NEW YORK, December 30, 2025, 19:40 ET — After-hours
- Pfizer shares were down about 0.02% at $24.99 in late after-hours trading.
- TD Cowen reiterated a Hold rating and a $30 price target, pointing to weak longer-term trends.
- Investors are looking to Pfizer’s next results update for clues on how quickly it can offset fading COVID demand and looming patent losses.
Pfizer Inc. shares were little changed in late after-hours trading on Tuesday, down about 0.02% at $24.99, after moving between $24.92 and $25.10 in the regular session. After-hours trading is the session after the 4 p.m. ET close, when volumes can be thinner and moves can be sharper.
The quiet tape does not mean investors have gone quiet on Pfizer. Traders have been treating the stock as a test case for whether Big Pharma can defend cash flows as pandemic-era sales fade and older blockbusters face cheaper rivals.
That backdrop has pushed Wall Street’s focus toward 2026 and beyond. Pfizer has been trying to prove that new products, dealmaking and cost cuts can fill the gap fast enough to keep earnings and the dividend supported.
TD Cowen analyst Steve Scala reiterated a Hold rating and kept a $30 price target, saying his model changes were mixed and the outlook through 2030 remains pressured. A price target is an analyst’s estimate of where a stock could trade over the next 12 months; Scala wrote Pfizer’s current profit outlook “is not the basis for top performance in Pharma stocks.” Investing
The broader market offered little help. The SPDR S&P 500 ETF was down about 0.15%, while the Health Care Select Sector SPDR Fund slipped roughly 0.07%; larger pharma peers Merck and Johnson & Johnson also traded lower late in the day.
Pfizer’s own guidance has kept the near-term debate front and center. The company said on Dec. 16 it expected 2026 revenue of $59.5 billion to $62.5 billion and adjusted diluted earnings per share of $2.80 to $3.00; “adjusted” figures strip out certain items that management says can obscure underlying performance. Pfizer
Pfizer said that outlook includes about a $1.5 billion year-over-year drop in revenue from its COVID-19 products versus 2025 expectations, plus another roughly $1.5 billion hit from products losing exclusivity. Loss of exclusivity is when patents or regulatory protections expire, allowing generics or biosimilars to compete and typically driving down prices. Pfizer
The company also flagged continued investment in its pipeline and acquired assets. Pfizer projected 2026 adjusted R&D expenses of $10.5 billion to $11.5 billion and said it was prioritizing work on a PD-1 x VEGF program in-licensed from 3SBio and multiple clinical programs from obesity-focused Metsera. Pfizer
At Tuesday’s price, Pfizer trades at roughly 8.6 times the midpoint of its 2026 adjusted EPS guidance — a low valuation that can look attractive, but also reflects how much execution risk investors are pricing in.

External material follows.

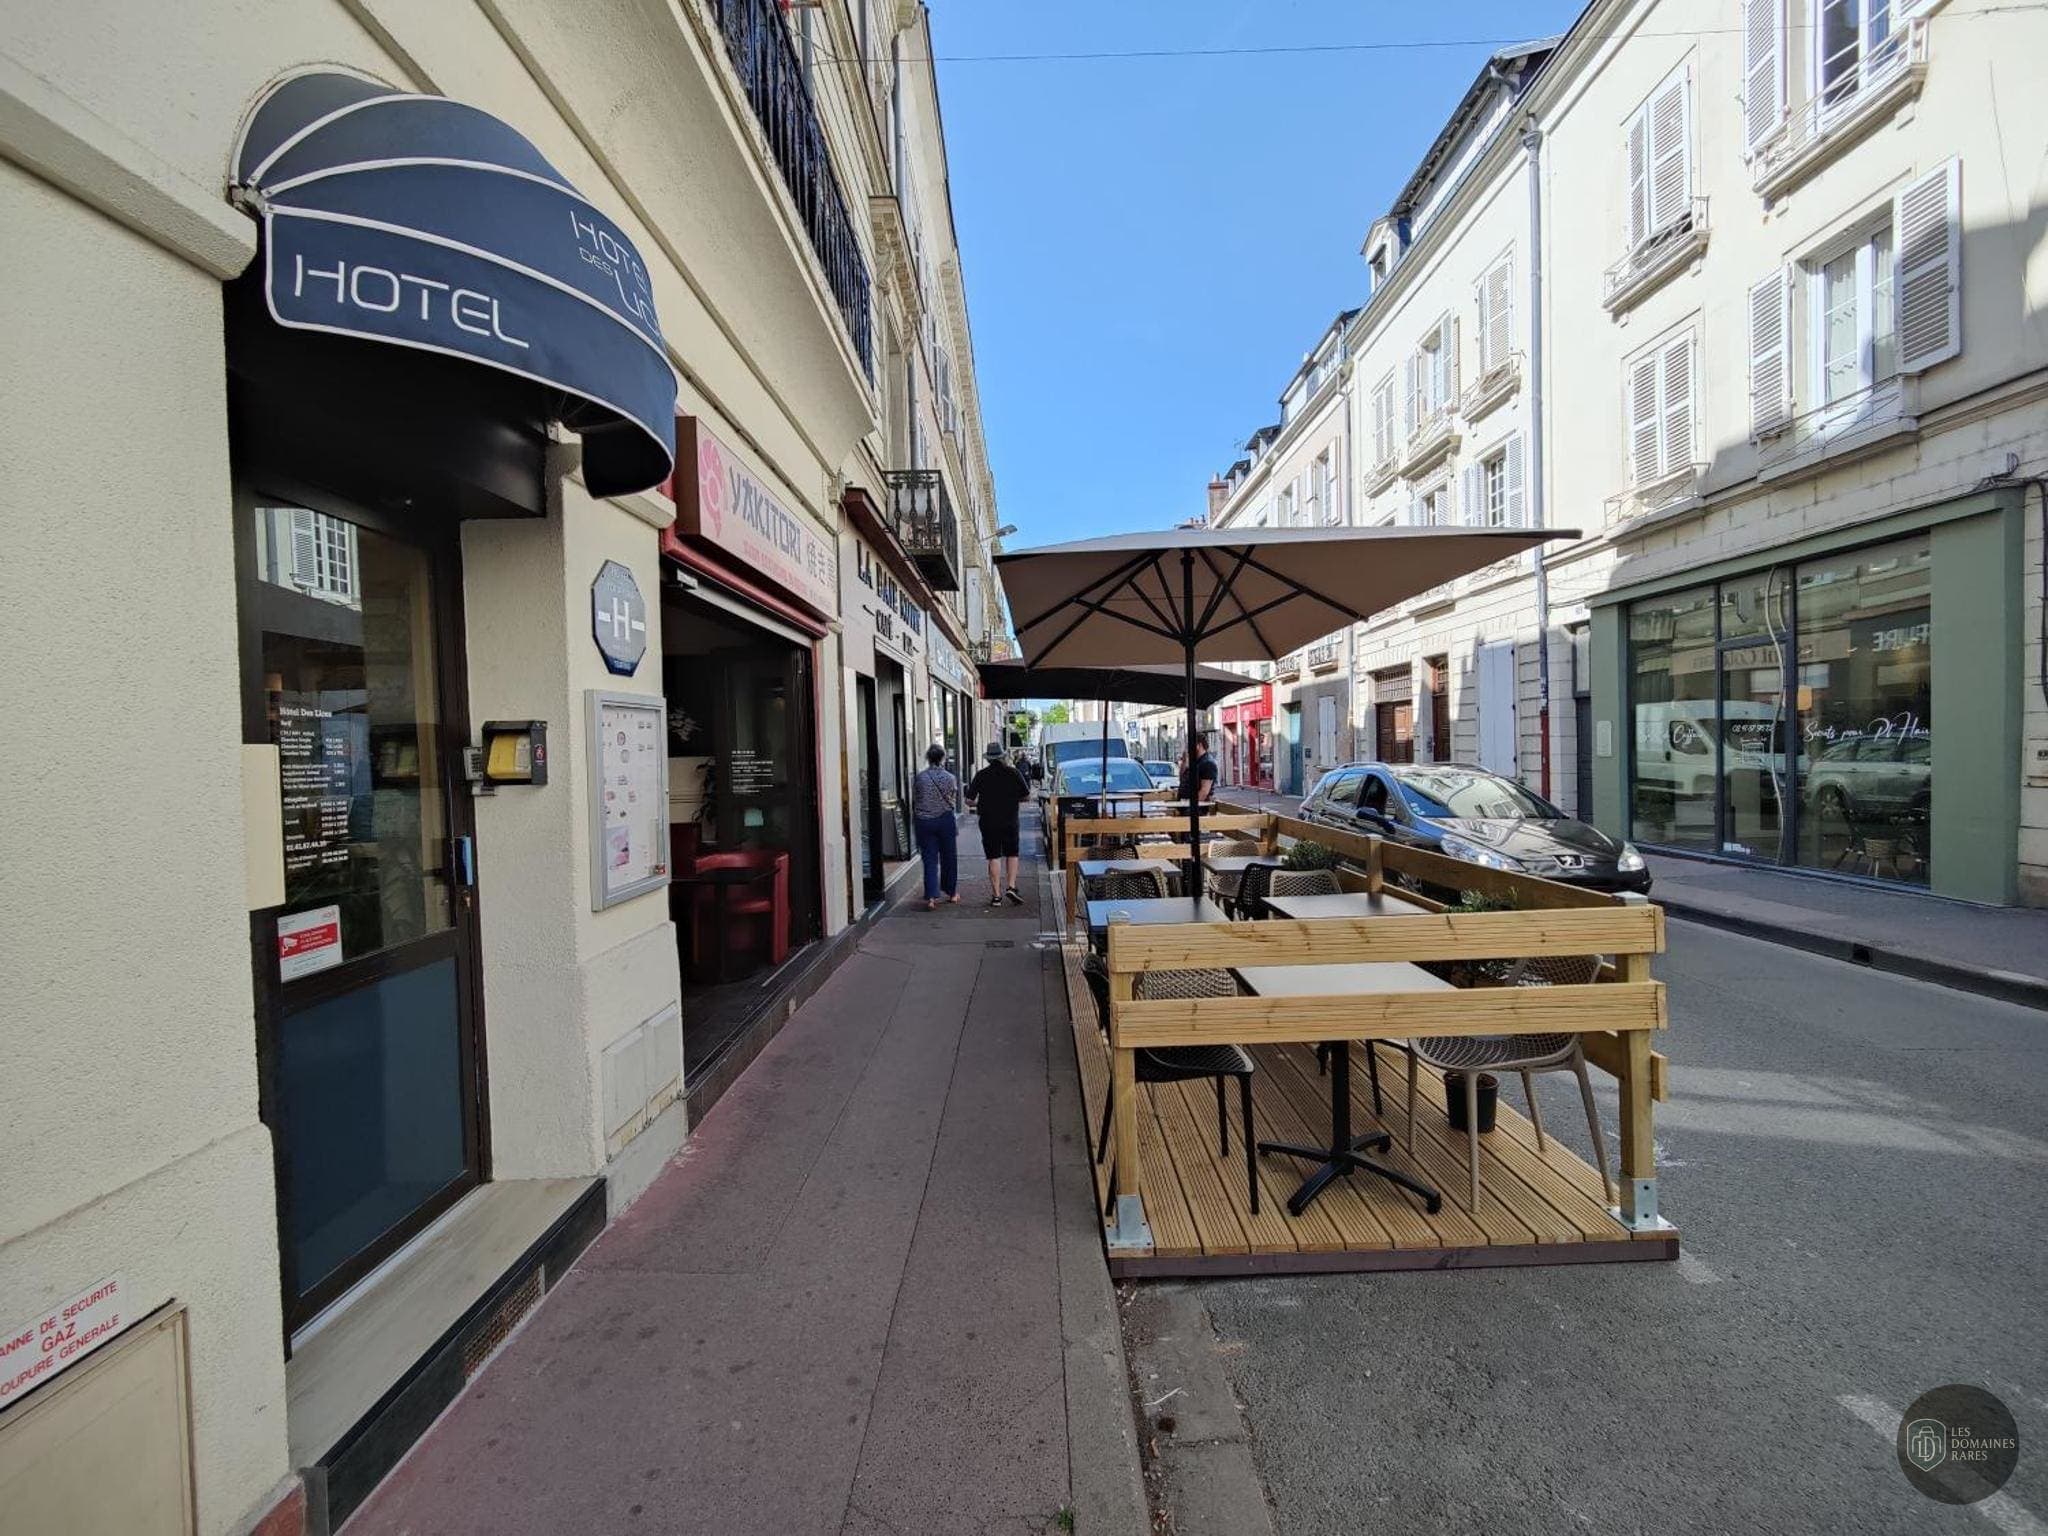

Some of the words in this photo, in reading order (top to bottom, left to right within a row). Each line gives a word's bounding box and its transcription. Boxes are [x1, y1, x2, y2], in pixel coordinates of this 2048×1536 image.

That is what traders are watching next. They will be looking for evidence that declines in COVID-19 products are stabilizing, that new launches can scale quickly, and that savings from Pfizer’s cost realignment efforts can protect margins as older drugs face competition.
The next scheduled checkpoint is early February. Pfizer said it plans to issue its fourth-quarter and full-year 2025 performance report on Feb. 3, ahead of a 10 a.m. EST conference call with analysts. Pfizer
For now, Pfizer’s stock remains pinned near the $25 level, with investors weighing the appeal of a defensive dividend name against the pressure of a multi-year patent and product cycle that analysts say is still working through the numbers.